You can use the spring from the old barrel latch if you remove it carefully its just pinned in place.
If you aren't up to making a new latch you can use a punch to upset the metal on each side ant the rear of the latch where it contacts the barrel or at the center of the front where it contacts the inside of the Cylinder pin/arbor slot.
Use the punch on both upper and lower surfaces. If the latch is not hard, and few of the replica latches are hard, then the first time you tap it home it will size itself and flatten the bulged surfaces. After firing a few full power loads it will set itself properly and won't be dificult to remove and replace.
Also many replica guns have ill fitting latches that bind at the rounded corners of the slot and dont even contact the place where they are supposed to in the center of the pin.
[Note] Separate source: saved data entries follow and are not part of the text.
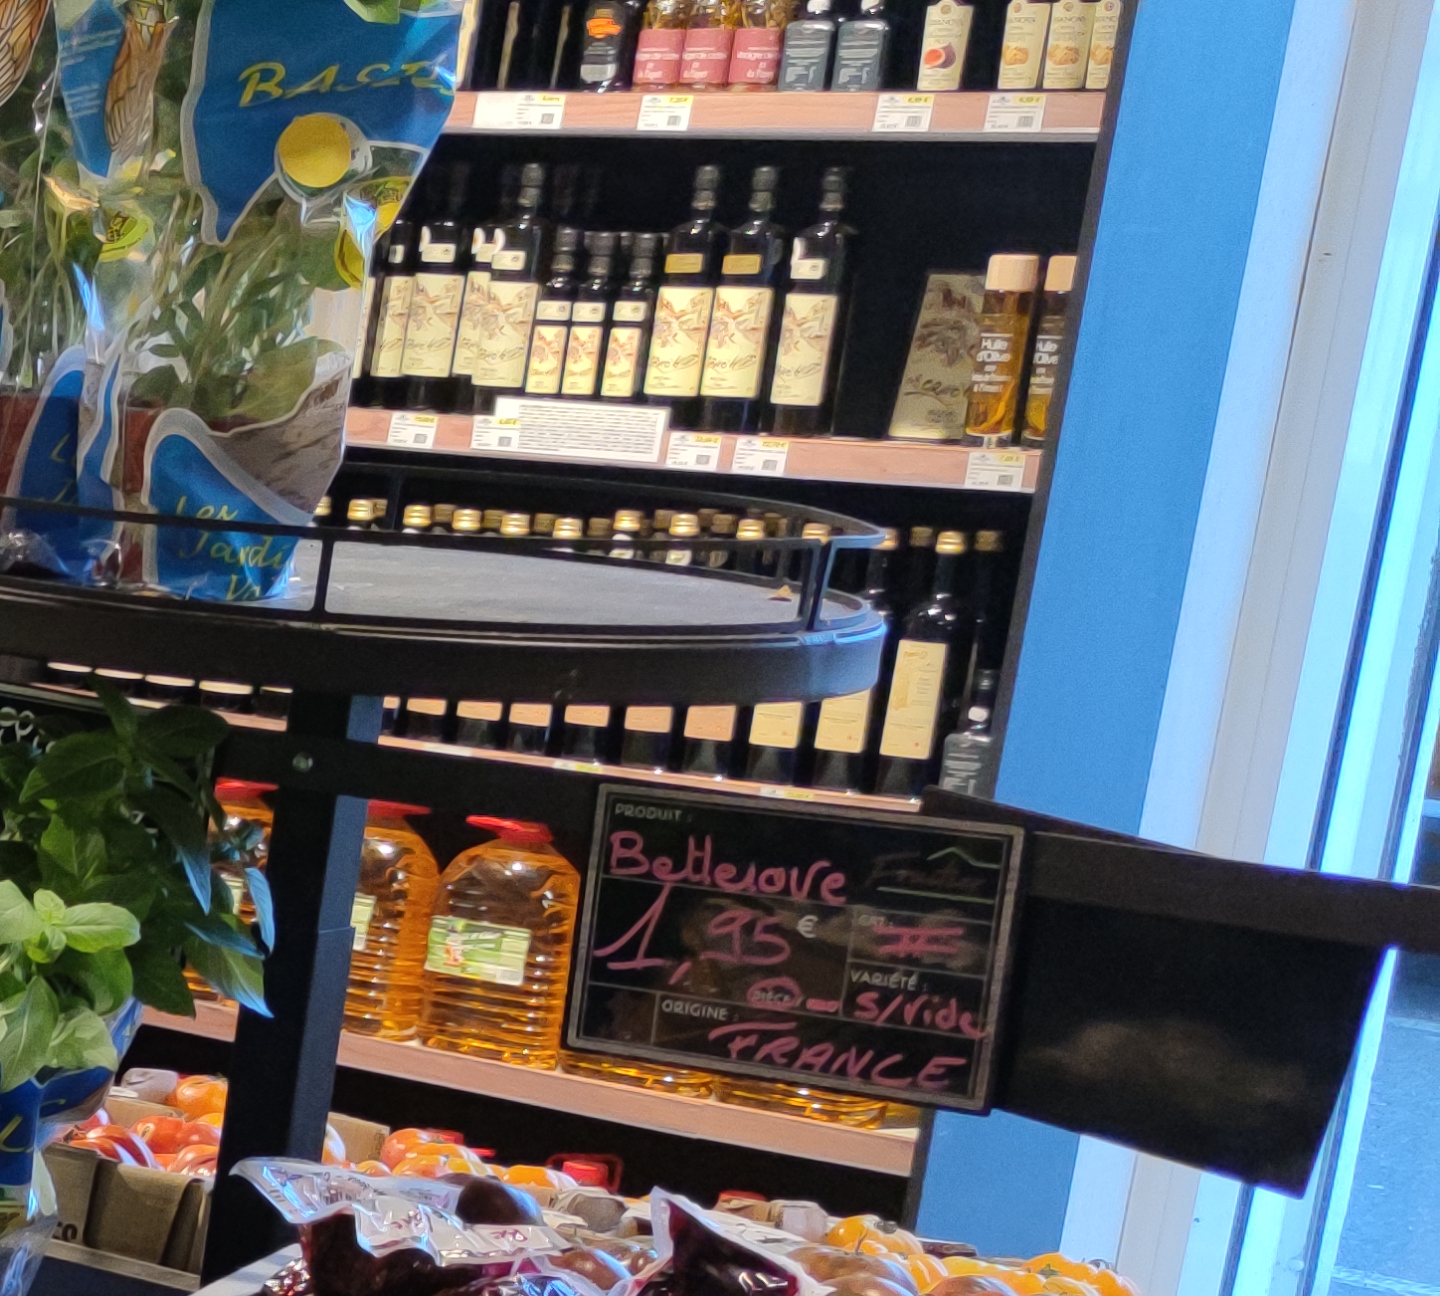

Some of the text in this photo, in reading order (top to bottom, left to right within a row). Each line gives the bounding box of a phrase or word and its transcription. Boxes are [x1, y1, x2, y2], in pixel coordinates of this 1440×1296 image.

[614, 803, 682, 823] PRODUIT
[797, 915, 819, 939] €
[850, 968, 919, 991] VARIÉTÉ
[661, 1000, 730, 1022] ORIGINE
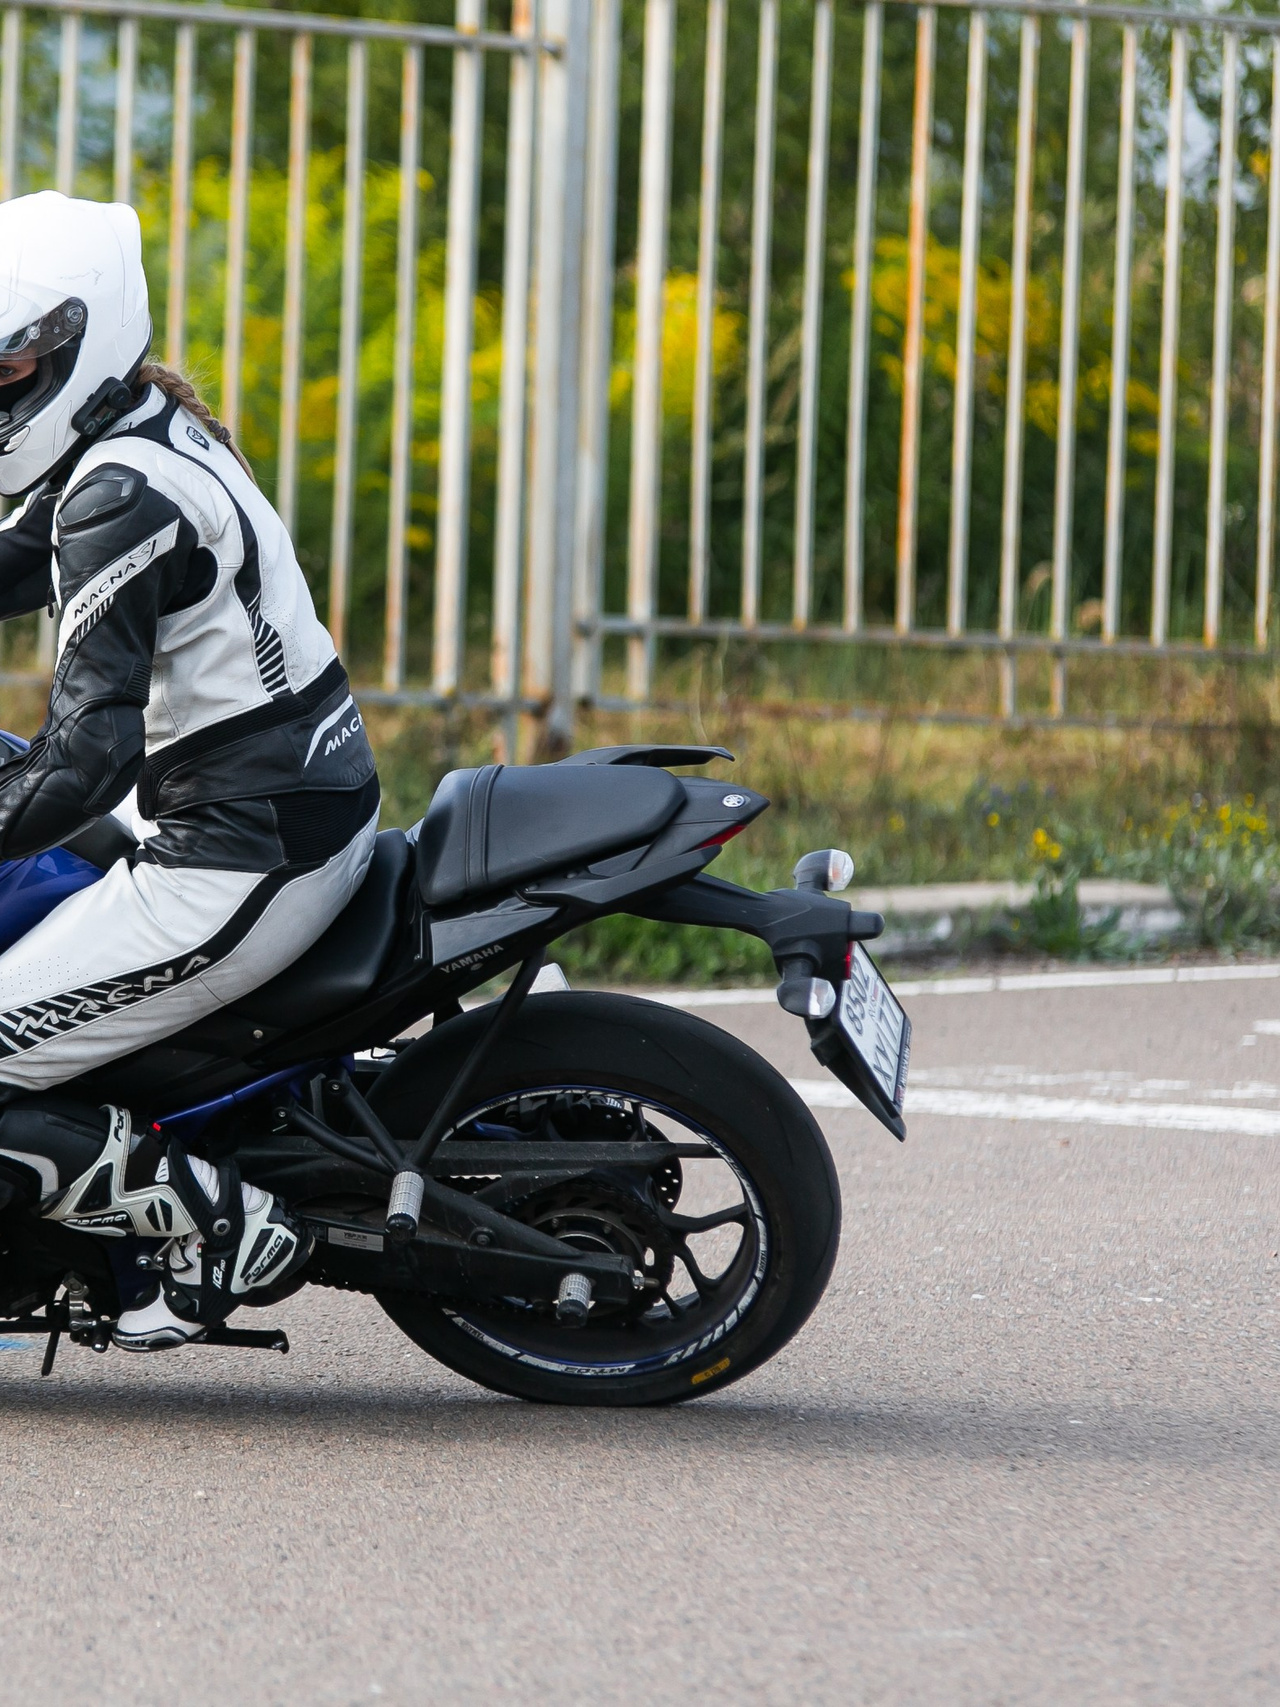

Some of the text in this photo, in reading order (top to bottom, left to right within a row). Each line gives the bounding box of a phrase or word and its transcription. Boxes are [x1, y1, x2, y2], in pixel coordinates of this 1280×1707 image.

[74, 562, 137, 619] MACNA
[440, 944, 504, 974] YAMAHA
[16, 954, 211, 1036] MACNA
[845, 955, 871, 1036] 8502
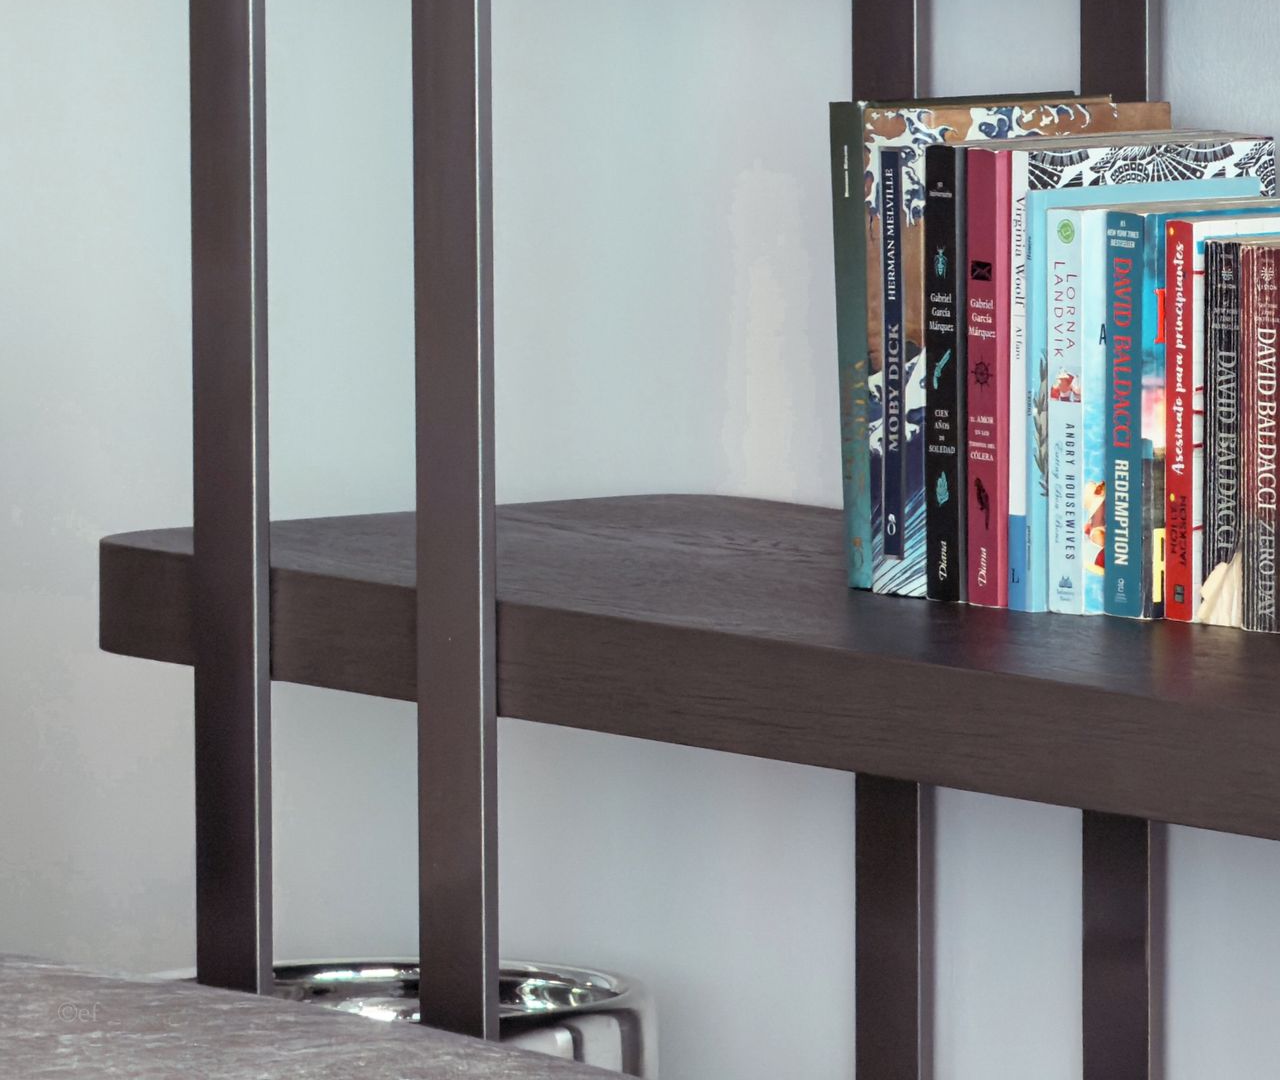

Those will appear to be tight fitting but when fired the gap opens up with each shot. When they wear in they are loose as a goose.
The inside surfaces of the barrel lug where it faces the frame are often left rough with deep machining marks. Usually if you just carefully file these flat and smooth you'll have already removed several thousadths of an inch, same goes for the mating surface of the receiver though its difficult to do anything about that unless you want to pull and replace the pins. I've done that also, not hard for me but not something you want to try unless you are confident of your skills.
I could show you much easier than I can tell you.
Invest in a good selection of jewelers files.
PS
Some cheaper replicas have oversized openings in the barrel lug, or undersized arbors, If the cylinder arbor is a loose fit then tightening the latch cocks the barrel upwards and the cylinder binds on the top.
If the fit is very loose you can shim it with either a very thin brass shim or a piece cut from an aluminum piepan.
I just make a new cylinder pin sized to fit properly.